Esta última idea es una verdad más grande que una catedral: del mismo modo que un enfermo necesita tener la convicción de que puede curarse y que merece la pena hacer un esfuerzo para sanar, los pueblos han de estar convencidos de que les será posible progresar y que, por tanto, el esfuerzo tendrá su recompensa.
La economía peruana crece constantemente y de modo cada vez más acelerado desde inicios de la década presente; por tanto, existen sólidas razones para ser optimista.
Además, como lo referimos en anteriores ocasiones, el presente auge es sólido, pues, se basa en el incremento de las exportaciones, por lo que no existirán los “cuellos de botella” del pasado.

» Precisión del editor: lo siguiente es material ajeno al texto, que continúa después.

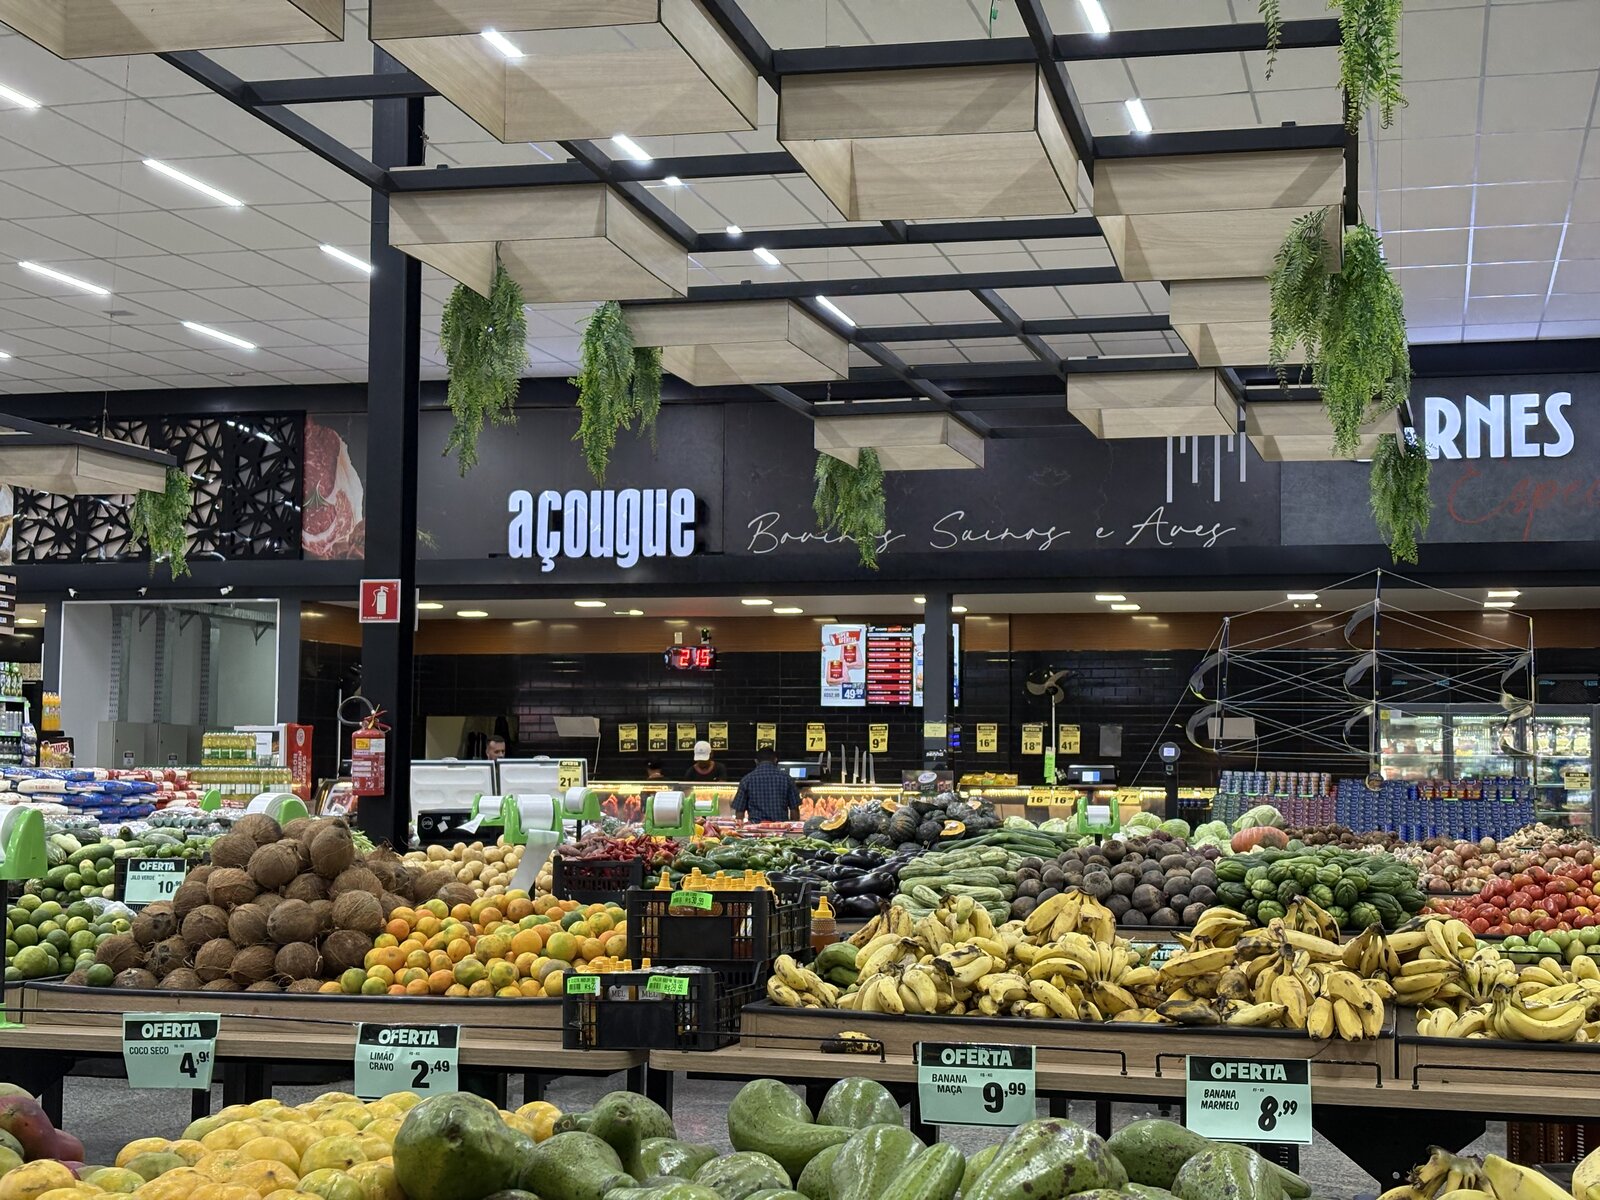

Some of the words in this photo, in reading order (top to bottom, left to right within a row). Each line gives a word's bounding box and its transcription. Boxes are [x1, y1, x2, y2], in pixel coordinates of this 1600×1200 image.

[1404, 391, 1575, 460] RNES
[508, 488, 696, 572] açougue
[746, 511, 906, 554] Bovins
[1094, 527, 1114, 540] e
[1125, 505, 1236, 548] Aves
[138, 861, 176, 871] OFERTA
[141, 1022, 202, 1039] OFERTA
[378, 1028, 440, 1046] OFERTA
[129, 1046, 149, 1055] COCO
[150, 1046, 170, 1055] SECO
[369, 1050, 395, 1062] LIMÃO
[940, 1048, 1013, 1067] OFERTA
[368, 1061, 395, 1072] CRAVO
[410, 1059, 450, 1089] 2,49
[1210, 1062, 1288, 1081] OFERTA
[931, 1073, 968, 1084] BANANA
[937, 1084, 963, 1096] MAÇA
[982, 1081, 1027, 1114] 9,99
[1203, 1088, 1237, 1100] BANANA
[1200, 1099, 1240, 1111] MARMELO
[1257, 1095, 1299, 1132] 8,99

Como lo muestran todos los indicadores, el dinamismo económico del Perú empieza a traer positivas consecuencias en el terreno social, generando más empleo y permitiendo moderados ascensos en el consumo de algunos sectores populares. Un análisis objetivo de la actual situación permite concluir que –de mantenerse el ritmo de crecimiento a lo largo de algunas décadas– los efectos sociales se multiplicarán.
Sin embargo, no todos los líderes de opinión, políticos y comunicadores poseen el razonamiento expuesto en las líneas anteriores; por el contrario, algunos parecen disfrutar el papel de Casandras o agoreros de desastres. Esta actitud negativa es parte de un lamentable legado muy extendido en nuestra Patria: pretendiendo hacer de la necesidad virtud, se suelen regodear en nuestros males pareciendo a veces que disfrutan de ellos.

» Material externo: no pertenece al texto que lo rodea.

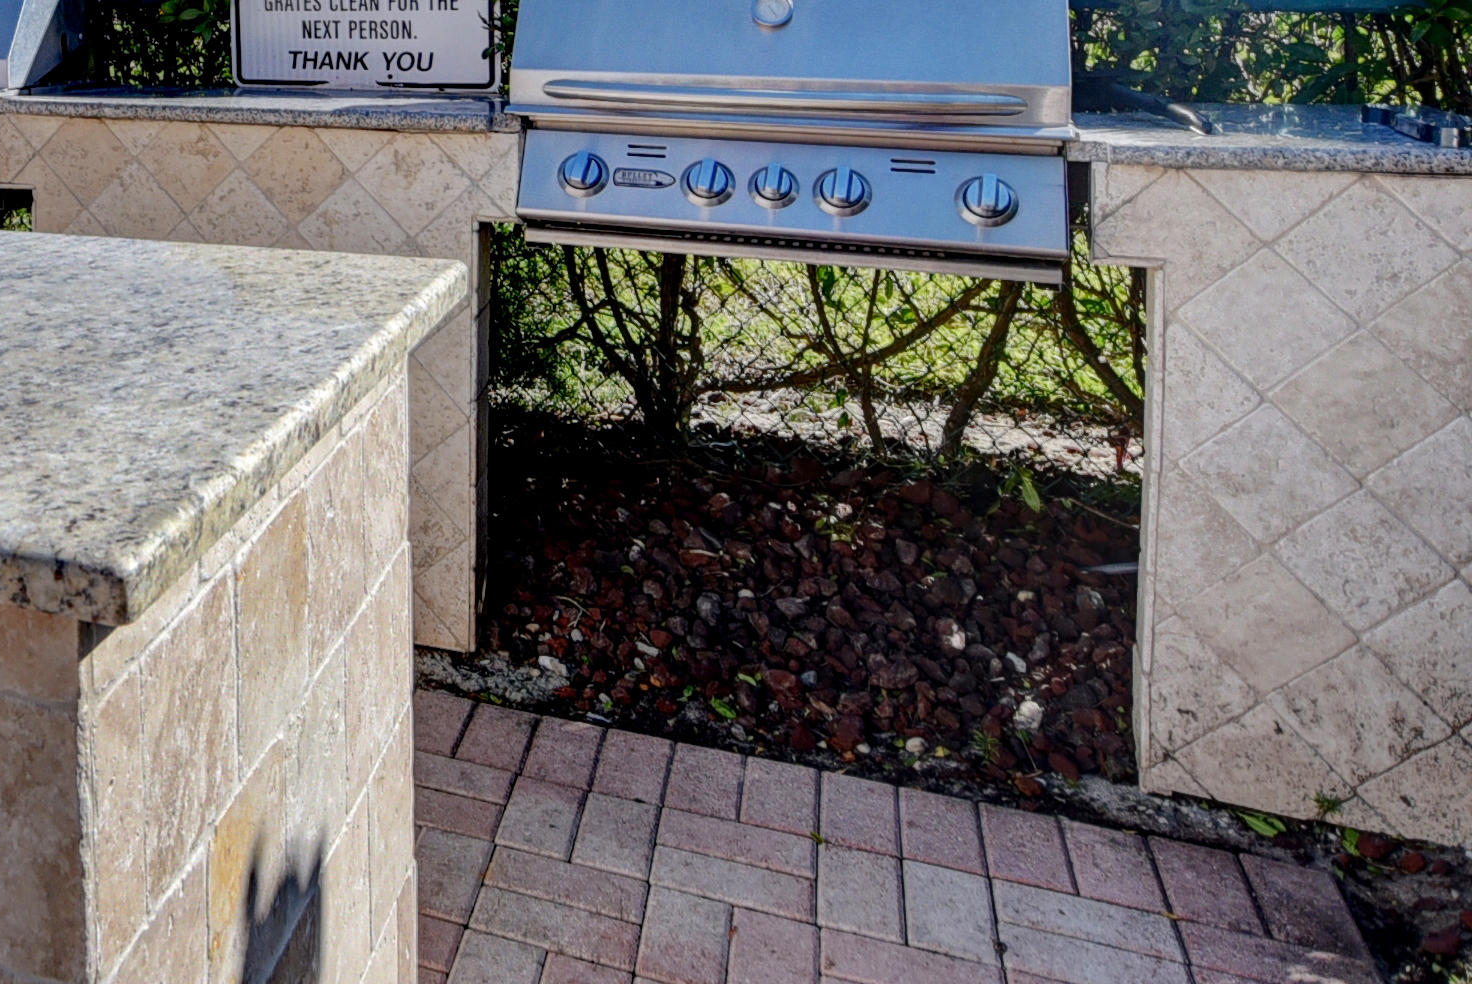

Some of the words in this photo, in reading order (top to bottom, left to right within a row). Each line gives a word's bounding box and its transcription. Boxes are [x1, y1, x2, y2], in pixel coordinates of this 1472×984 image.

[302, 21, 341, 39] NEXT
[349, 20, 417, 39] PERSON.
[289, 51, 369, 70] THANK
[383, 52, 433, 71] YOU
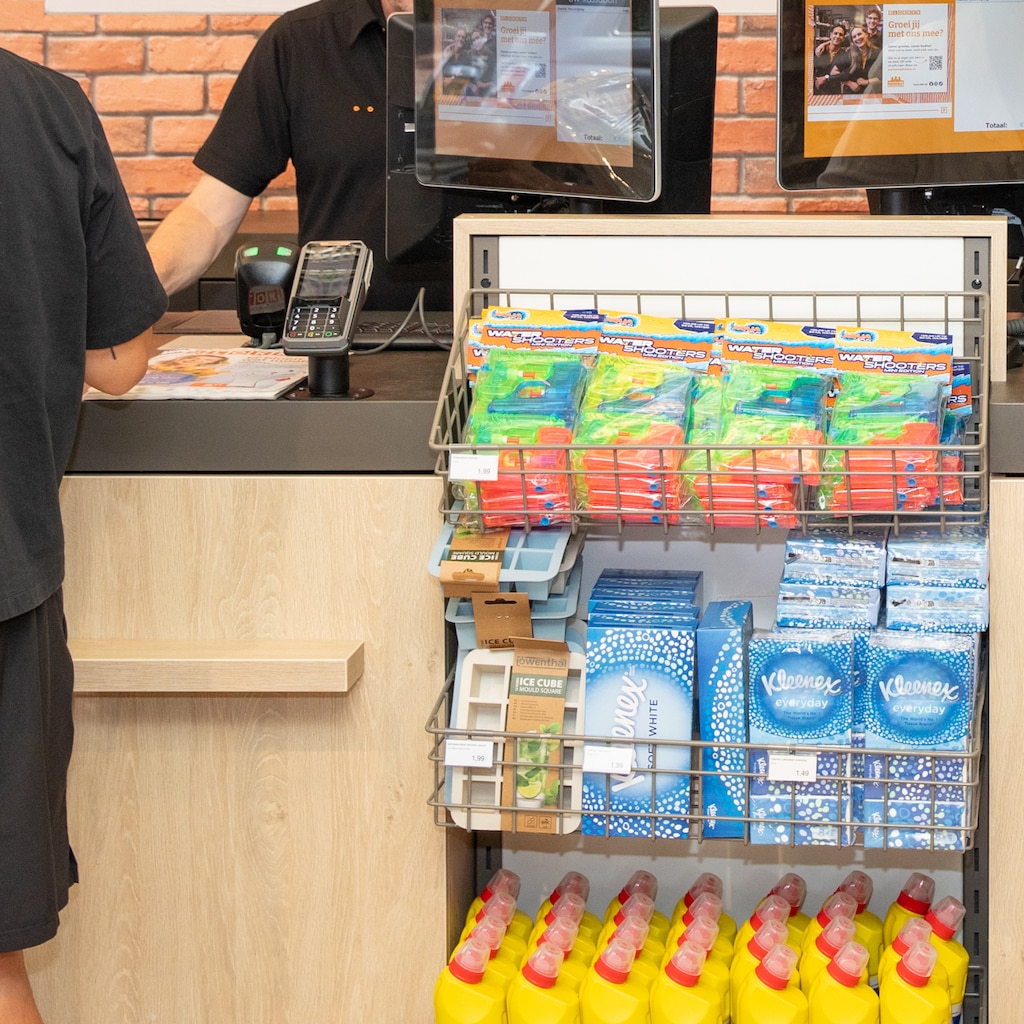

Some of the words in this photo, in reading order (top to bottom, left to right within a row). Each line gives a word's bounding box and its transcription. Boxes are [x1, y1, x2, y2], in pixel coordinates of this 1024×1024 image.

[888, 20, 911, 29] Groei
[912, 19, 920, 30] jij
[888, 30, 905, 38] met
[922, 29, 944, 37] mee?
[487, 330, 542, 338] WATER
[511, 336, 595, 344] SHOOTERS
[599, 336, 654, 347] WATER
[623, 345, 706, 358] SHOOTERS
[727, 344, 782, 354] WATER
[839, 353, 894, 362] WATER
[864, 362, 947, 371] SHOOTERS
[519, 677, 535, 686] ICE
[537, 678, 563, 688] CUBE
[761, 668, 841, 696] Kleenex
[879, 674, 959, 703] Kleenex
[775, 698, 828, 709] everyday
[892, 704, 946, 716] everyday
[648, 699, 658, 737] WHITE
[612, 675, 648, 793] Kenex

Es necesario que los comunicadores responsables enfrentemos esta actitud derrotista y negativa frente a todo lo positivo del Perú, no sólo en nombre de la objetividad –dado que el comportamiento que criticamos deforma los hechos–, sino porque, además, este derrotismo es antipatriótico.
Lo sensato y patriótico es criticar los errores y, al mismo tiempo, presentar objetivamente las situaciones positivas que vivimos hoy.